Prompt :: Output the entries that follow character for character. Leave every image out.
------ Supplied material
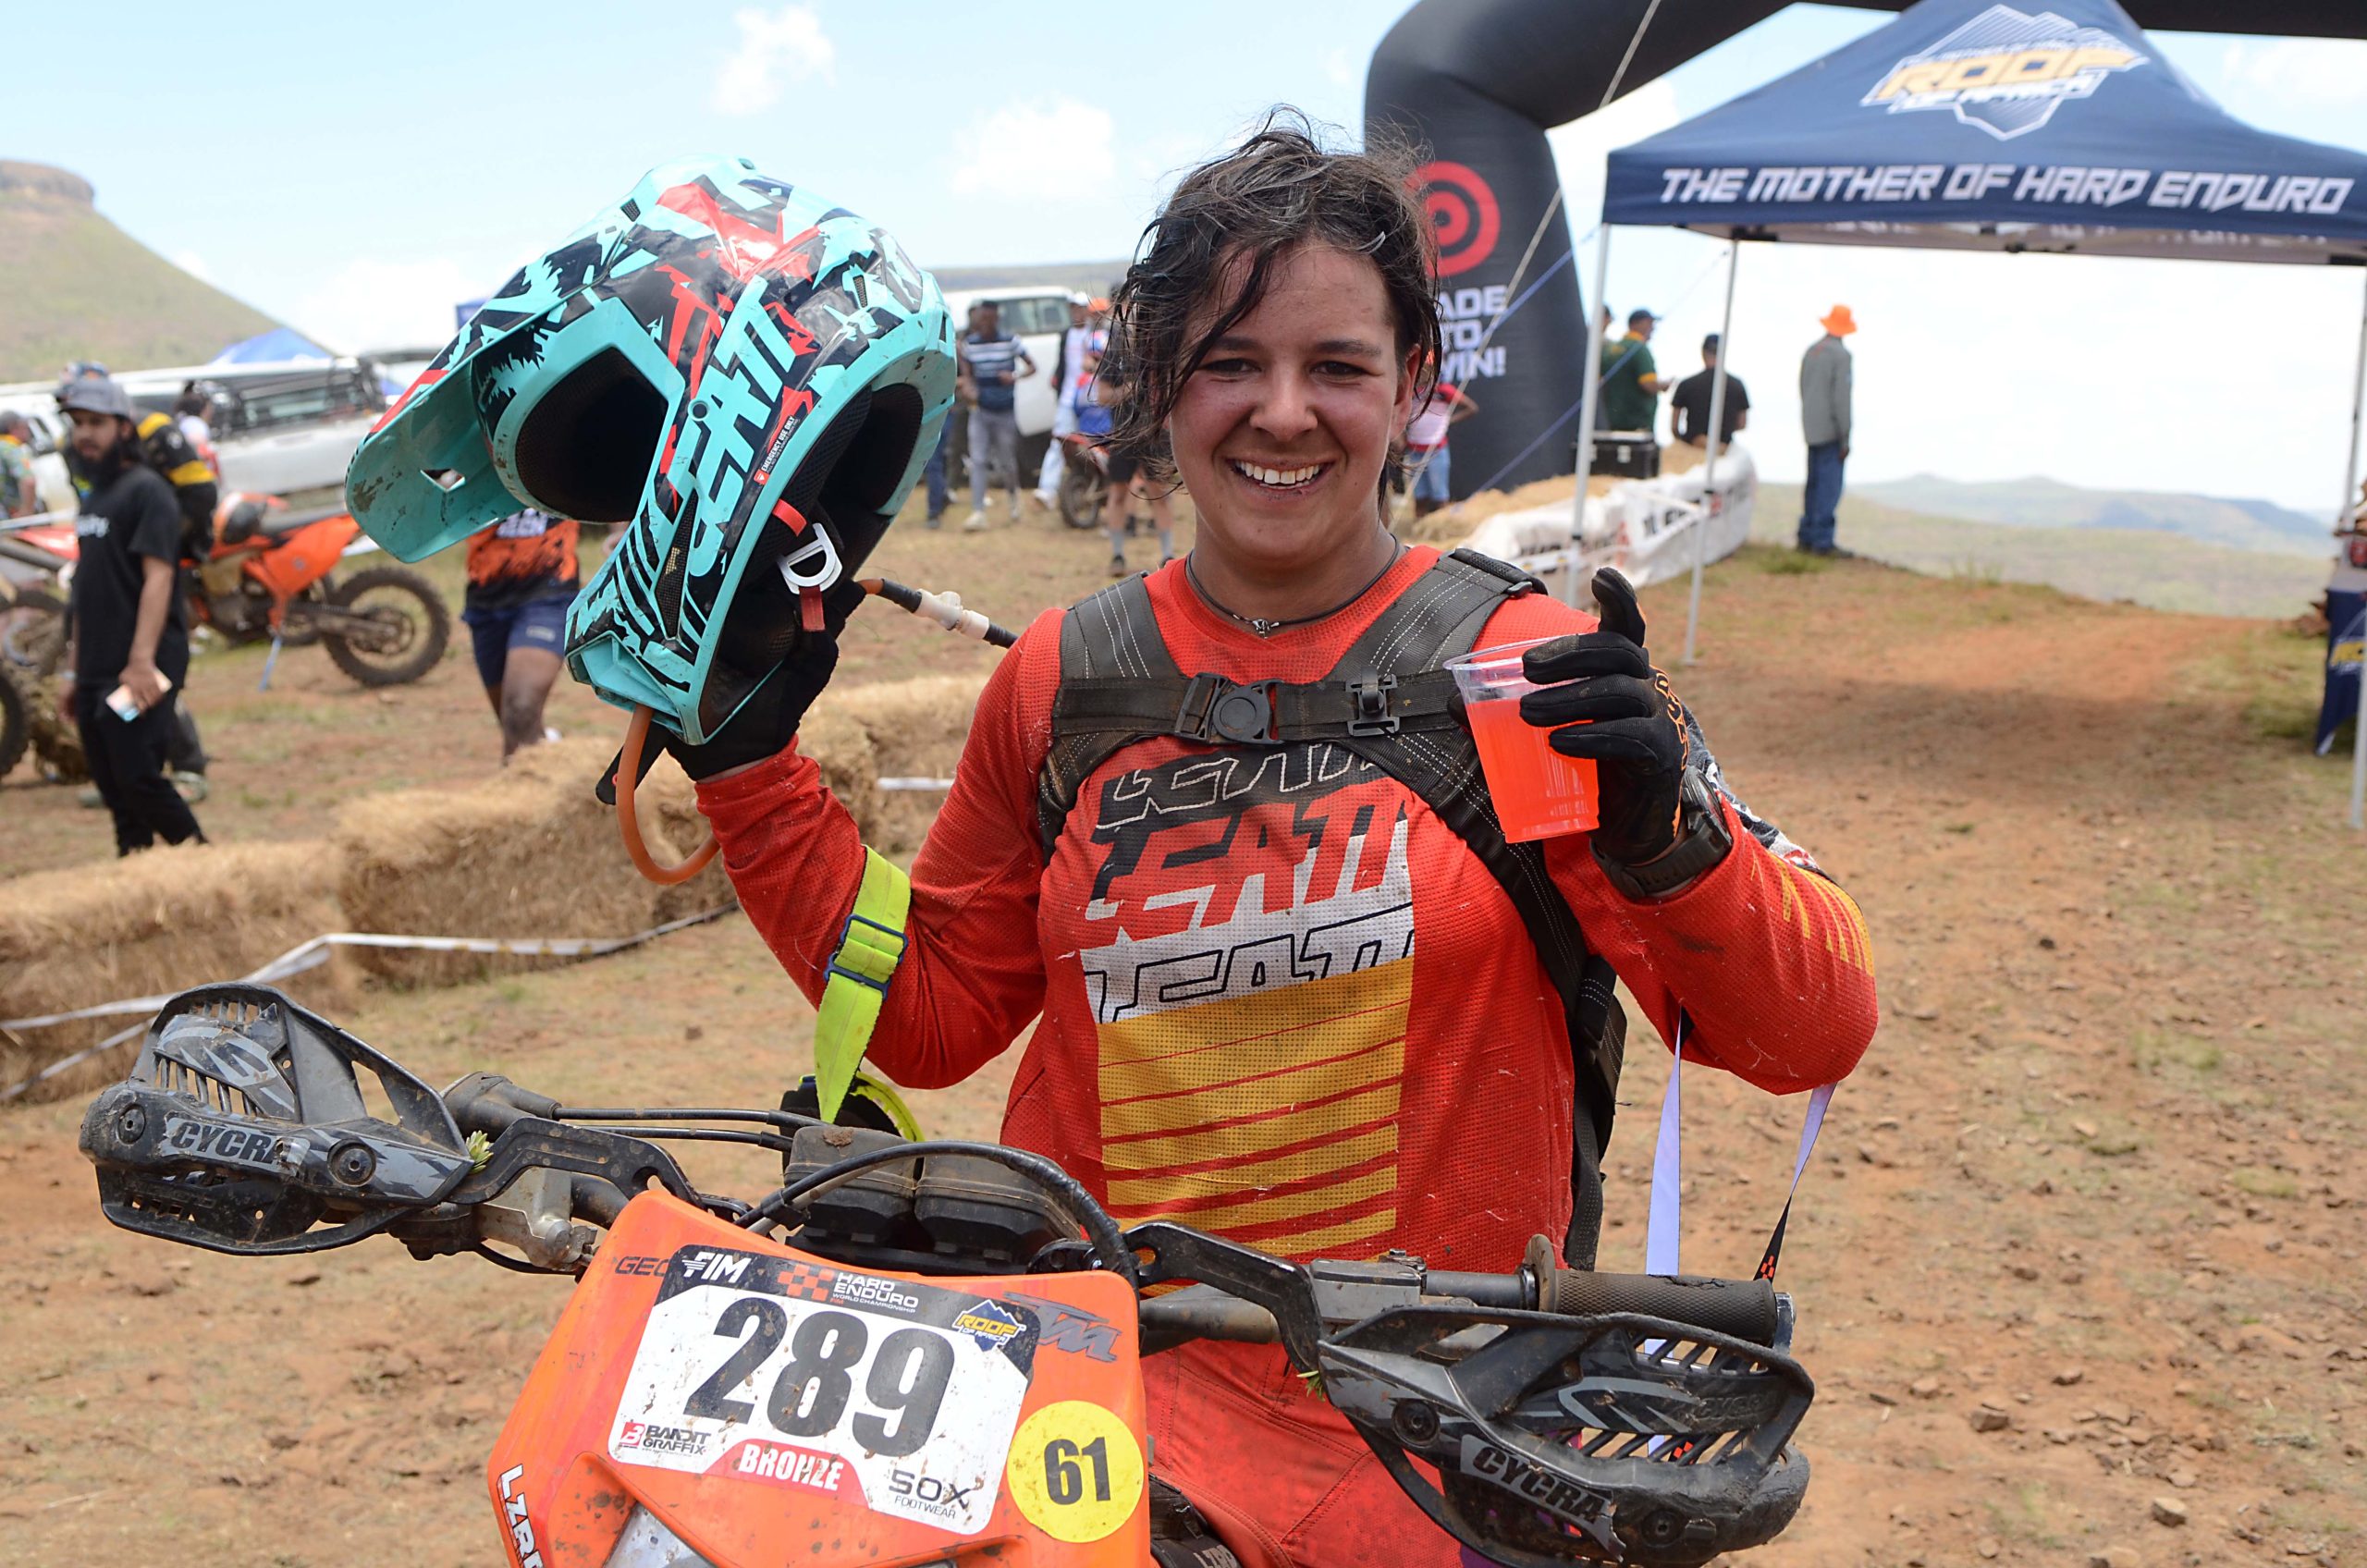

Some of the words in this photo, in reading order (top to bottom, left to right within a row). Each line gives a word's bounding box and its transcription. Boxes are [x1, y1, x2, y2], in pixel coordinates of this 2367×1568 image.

[1660, 167, 1748, 202] THE
[1747, 165, 1944, 202] MOTHER
[1943, 164, 2015, 201] OF
[2013, 166, 2151, 208] HARD
[2147, 170, 2355, 214] ENDURO
[1436, 284, 1507, 320] ADE
[760, 439, 782, 472] EMERGENCY
[778, 428, 789, 441] USE
[784, 415, 795, 431] ONLY
[681, 1251, 752, 1284] FIM
[837, 1271, 896, 1292] HARD
[832, 1292, 859, 1303] WORLD
[859, 1297, 916, 1313] CHAMPIONSHIP
[833, 1282, 919, 1308] ENDURO
[956, 1313, 1019, 1336] ROOF
[682, 1296, 955, 1458] 289
[643, 1438, 705, 1455] GRAFFIX
[646, 1425, 712, 1445] BANDIT
[738, 1443, 844, 1491] BRONZE
[1043, 1436, 1110, 1506] 61
[889, 1469, 972, 1510] SOX
[1472, 1446, 1606, 1525] CYCRA
[894, 1495, 957, 1520] FOOTWEAR
------------
Result of the exercise ::
Some of the words in this photo, in reading order (top to bottom, left to right within a row). Each line gives a word's bounding box and its transcription. Boxes are [x1, y1, x2, y2], in pixel coordinates of this 2367×1568 image.

[1660, 167, 1748, 202] THE
[1747, 165, 1944, 202] MOTHER
[1943, 164, 2015, 201] OF
[2013, 166, 2151, 208] HARD
[2147, 170, 2355, 214] ENDURO
[1436, 284, 1507, 320] ADE
[760, 439, 782, 472] EMERGENCY
[778, 428, 789, 441] USE
[784, 415, 795, 431] ONLY
[681, 1251, 752, 1284] FIM
[837, 1271, 896, 1292] HARD
[832, 1292, 859, 1303] WORLD
[859, 1297, 916, 1313] CHAMPIONSHIP
[833, 1282, 919, 1308] ENDURO
[956, 1313, 1019, 1336] ROOF
[682, 1296, 955, 1458] 289
[643, 1438, 705, 1455] GRAFFIX
[646, 1425, 712, 1445] BANDIT
[738, 1443, 844, 1491] BRONZE
[1043, 1436, 1110, 1506] 61
[889, 1469, 972, 1510] SOX
[1472, 1446, 1606, 1525] CYCRA
[894, 1495, 957, 1520] FOOTWEAR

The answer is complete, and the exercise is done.